Heavyweight-tooling vs. “just GitHub Actions” shops. Heavyweight-tooling agencies adopt sophisticated pipeline platforms (Jenkins with shared libraries, full GitOps with Argo CD or Flux, multi-cluster deployment via Spinnaker, custom Kubernetes operators) — typically driven by engagements that genuinely need the capabilities (multi-region multi-cluster deployments, complex compliance workflows, regulated industries with formal change-management). The pipeline is itself an architecture commitment that the client inherits and must maintain. Light-tooling agencies use whatever is built into the source-control platform — GitHub Actions, GitLab CI, Bitbucket Pipelines — with minimal custom infrastructure. Pipelines are simpler, post-handoff operability is high, and the client can typically operate them without specialised platform engineering. Light-tooling dominates in modern agencies, product engineering, and engagements where post-handoff client operability matters; heavyweight survives in regulated industries, defence, large-enterprise platforms, and engagements where the client already operates the heavyweight tooling and the agency must integrate. The right answer for any engagement is the lightest tooling that meets actual requirements, not the most impressive tooling the agency knows how to operate.

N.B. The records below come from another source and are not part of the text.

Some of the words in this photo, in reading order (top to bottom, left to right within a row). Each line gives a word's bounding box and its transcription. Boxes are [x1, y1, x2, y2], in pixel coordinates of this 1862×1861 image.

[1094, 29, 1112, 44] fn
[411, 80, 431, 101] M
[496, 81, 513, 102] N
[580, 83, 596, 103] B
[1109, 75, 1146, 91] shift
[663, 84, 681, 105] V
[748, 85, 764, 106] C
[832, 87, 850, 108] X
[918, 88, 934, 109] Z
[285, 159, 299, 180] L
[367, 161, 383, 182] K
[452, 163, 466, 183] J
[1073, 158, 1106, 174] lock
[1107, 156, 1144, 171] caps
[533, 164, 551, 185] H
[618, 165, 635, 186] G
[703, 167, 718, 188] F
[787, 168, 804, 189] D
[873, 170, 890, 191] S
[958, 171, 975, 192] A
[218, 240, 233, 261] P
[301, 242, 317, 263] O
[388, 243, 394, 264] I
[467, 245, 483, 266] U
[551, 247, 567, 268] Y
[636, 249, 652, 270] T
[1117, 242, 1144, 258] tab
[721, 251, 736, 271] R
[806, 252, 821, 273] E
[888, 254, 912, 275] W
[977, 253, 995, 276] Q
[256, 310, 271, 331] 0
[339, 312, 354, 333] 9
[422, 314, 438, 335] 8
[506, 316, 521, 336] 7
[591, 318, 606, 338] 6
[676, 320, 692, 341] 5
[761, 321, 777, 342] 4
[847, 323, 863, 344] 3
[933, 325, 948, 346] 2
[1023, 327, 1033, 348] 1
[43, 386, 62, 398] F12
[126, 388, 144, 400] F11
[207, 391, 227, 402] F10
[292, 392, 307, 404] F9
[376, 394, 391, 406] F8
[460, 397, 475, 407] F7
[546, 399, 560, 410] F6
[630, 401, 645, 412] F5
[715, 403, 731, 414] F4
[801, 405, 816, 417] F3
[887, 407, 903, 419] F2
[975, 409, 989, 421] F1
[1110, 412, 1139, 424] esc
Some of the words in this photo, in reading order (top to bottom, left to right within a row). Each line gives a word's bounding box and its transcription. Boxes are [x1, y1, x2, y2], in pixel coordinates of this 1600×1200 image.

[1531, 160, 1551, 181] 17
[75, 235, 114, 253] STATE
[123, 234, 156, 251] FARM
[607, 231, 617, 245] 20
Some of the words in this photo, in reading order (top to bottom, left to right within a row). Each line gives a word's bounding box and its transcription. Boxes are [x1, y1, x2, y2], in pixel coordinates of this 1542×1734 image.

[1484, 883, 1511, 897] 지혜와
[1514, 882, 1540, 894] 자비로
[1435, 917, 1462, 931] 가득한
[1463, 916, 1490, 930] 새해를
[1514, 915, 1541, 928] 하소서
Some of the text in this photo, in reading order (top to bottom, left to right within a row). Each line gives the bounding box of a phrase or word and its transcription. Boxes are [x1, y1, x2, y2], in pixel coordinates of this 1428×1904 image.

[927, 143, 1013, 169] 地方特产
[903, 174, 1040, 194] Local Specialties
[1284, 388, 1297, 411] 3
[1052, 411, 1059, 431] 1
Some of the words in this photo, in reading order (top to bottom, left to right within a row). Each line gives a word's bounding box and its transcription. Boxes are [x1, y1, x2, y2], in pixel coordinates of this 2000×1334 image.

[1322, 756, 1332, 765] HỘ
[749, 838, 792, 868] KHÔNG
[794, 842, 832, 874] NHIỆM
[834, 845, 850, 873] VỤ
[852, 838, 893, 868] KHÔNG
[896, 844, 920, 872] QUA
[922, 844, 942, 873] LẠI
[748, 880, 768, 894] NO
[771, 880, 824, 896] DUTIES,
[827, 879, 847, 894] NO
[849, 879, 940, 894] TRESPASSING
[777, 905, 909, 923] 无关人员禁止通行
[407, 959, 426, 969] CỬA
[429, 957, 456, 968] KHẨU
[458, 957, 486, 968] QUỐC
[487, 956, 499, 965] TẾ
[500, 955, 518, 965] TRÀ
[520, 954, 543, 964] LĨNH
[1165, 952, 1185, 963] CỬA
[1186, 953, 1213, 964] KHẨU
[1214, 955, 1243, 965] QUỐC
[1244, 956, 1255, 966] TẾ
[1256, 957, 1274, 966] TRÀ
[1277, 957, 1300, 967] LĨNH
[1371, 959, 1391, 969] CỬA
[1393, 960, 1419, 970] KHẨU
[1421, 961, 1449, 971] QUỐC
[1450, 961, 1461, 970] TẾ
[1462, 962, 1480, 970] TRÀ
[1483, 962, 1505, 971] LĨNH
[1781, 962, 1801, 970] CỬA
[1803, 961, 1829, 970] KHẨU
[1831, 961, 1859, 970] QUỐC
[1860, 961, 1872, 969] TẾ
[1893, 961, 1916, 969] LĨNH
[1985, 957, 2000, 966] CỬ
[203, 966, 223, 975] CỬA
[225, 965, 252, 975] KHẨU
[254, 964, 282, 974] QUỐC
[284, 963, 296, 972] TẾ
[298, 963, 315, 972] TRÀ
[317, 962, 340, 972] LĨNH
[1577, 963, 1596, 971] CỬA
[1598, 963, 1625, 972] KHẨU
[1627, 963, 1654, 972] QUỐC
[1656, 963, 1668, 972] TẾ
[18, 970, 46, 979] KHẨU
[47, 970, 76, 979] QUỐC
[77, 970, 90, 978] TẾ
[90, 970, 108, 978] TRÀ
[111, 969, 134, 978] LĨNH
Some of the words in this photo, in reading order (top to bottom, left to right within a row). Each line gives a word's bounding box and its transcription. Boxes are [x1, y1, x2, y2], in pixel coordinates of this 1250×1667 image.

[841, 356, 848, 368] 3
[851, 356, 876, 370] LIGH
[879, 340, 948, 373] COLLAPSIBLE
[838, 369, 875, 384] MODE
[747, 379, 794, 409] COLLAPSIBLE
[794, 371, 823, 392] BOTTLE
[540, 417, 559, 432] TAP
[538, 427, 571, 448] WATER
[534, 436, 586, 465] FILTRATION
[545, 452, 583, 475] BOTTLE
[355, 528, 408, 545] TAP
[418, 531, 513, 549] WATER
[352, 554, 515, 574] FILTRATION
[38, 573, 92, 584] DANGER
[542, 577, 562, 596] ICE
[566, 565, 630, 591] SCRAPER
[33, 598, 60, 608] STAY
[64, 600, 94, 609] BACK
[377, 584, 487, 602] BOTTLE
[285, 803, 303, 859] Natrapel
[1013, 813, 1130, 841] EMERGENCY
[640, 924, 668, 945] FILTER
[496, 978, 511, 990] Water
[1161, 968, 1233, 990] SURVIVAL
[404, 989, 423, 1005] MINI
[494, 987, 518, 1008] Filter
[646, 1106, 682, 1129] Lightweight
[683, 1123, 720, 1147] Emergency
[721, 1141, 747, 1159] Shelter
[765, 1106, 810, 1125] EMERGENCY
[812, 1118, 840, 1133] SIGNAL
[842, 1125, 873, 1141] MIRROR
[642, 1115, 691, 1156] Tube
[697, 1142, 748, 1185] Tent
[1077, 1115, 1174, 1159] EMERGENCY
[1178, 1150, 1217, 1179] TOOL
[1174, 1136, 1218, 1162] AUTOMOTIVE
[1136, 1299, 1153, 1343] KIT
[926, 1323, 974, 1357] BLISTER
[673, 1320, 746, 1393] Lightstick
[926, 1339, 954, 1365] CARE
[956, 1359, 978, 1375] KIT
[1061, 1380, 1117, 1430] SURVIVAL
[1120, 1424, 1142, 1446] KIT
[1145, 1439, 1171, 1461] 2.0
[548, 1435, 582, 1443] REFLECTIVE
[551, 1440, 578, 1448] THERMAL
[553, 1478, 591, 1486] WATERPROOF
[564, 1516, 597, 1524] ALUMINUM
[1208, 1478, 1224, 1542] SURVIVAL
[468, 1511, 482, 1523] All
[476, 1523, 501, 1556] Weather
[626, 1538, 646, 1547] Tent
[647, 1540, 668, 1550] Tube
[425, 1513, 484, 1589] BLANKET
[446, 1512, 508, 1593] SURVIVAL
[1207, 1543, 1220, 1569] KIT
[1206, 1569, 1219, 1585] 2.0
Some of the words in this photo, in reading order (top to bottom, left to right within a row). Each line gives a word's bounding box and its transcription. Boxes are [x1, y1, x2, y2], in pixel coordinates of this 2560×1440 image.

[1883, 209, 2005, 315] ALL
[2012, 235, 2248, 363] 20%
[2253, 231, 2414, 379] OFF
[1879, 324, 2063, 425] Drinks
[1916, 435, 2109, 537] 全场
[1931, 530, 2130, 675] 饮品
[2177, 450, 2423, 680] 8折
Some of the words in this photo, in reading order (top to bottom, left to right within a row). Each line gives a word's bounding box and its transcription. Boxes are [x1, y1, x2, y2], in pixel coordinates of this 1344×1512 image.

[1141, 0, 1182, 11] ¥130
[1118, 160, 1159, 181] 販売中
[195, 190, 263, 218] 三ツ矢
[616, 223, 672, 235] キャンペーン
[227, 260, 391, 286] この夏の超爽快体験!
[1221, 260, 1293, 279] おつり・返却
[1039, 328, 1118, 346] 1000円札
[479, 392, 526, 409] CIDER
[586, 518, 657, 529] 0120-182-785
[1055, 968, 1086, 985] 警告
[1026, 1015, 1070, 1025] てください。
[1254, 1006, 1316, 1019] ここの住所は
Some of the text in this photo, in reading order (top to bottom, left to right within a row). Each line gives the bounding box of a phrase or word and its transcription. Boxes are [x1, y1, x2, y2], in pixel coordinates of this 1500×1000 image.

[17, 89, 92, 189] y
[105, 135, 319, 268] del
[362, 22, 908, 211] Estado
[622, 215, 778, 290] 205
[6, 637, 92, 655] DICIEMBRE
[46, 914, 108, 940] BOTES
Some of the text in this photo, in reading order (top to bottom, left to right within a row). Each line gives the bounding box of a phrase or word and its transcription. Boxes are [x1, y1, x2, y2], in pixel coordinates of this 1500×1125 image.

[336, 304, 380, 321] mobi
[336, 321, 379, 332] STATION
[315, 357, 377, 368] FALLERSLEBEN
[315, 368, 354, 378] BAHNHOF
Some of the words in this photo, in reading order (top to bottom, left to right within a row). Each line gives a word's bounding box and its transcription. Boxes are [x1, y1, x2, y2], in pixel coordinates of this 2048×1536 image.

GitOps vs. push-deploy cultures. GitOps agencies treat the desired state of every environment as a declarative artifact in a Git repository, with deployment controllers continuously reconciling actual state to declared state (Argo CD, Flux, Pulumi Operator). Roll-back is a git revert. Audit is git log. Trade-off: requires Kubernetes or compatible substrate, requires team-wide GitOps fluency, adds operational complexity for engagements that do not need it. Push-deploy agencies trigger deployments imperatively — pipeline jobs that execute deployment commands against environments. Simpler, faster to set up, weaker auditability. GitOps is dominant in cloud-native engagements with Kubernetes substrates and operations-heavy clients; push-deploy survives in serverless, PaaS-hosted, and traditional VM-based engagements. Most modern agencies pick GitOps for engagements where the client already operates Kubernetes and push-deploy elsewhere.

Continuous deployment vs. release-as-event cultures. Continuous-deployment agencies ship to production on every passing mainline commit — sometimes dozens of deployments per day. Trade-off: requires excellent monitoring, feature flags, and the discipline to catch and revert quickly when something breaks. Release-as-event agencies cut releases on a defined cadence — weekly, sprint-end, monthly — with formal release notes and stakeholder coordination. Trade-off: slower feedback, larger release blast radius, but easier external coordination (mobile apps, partner integrations, regulated launches). Continuous deployment dominates in modern web engagements and product-development work; release-as-event dominates in mobile, regulated, and B2B-platform engagements where releases require external coordination. Both are commercially viable; the choice depends on the engagement’s release-coupling reality, not on the agency’s preference.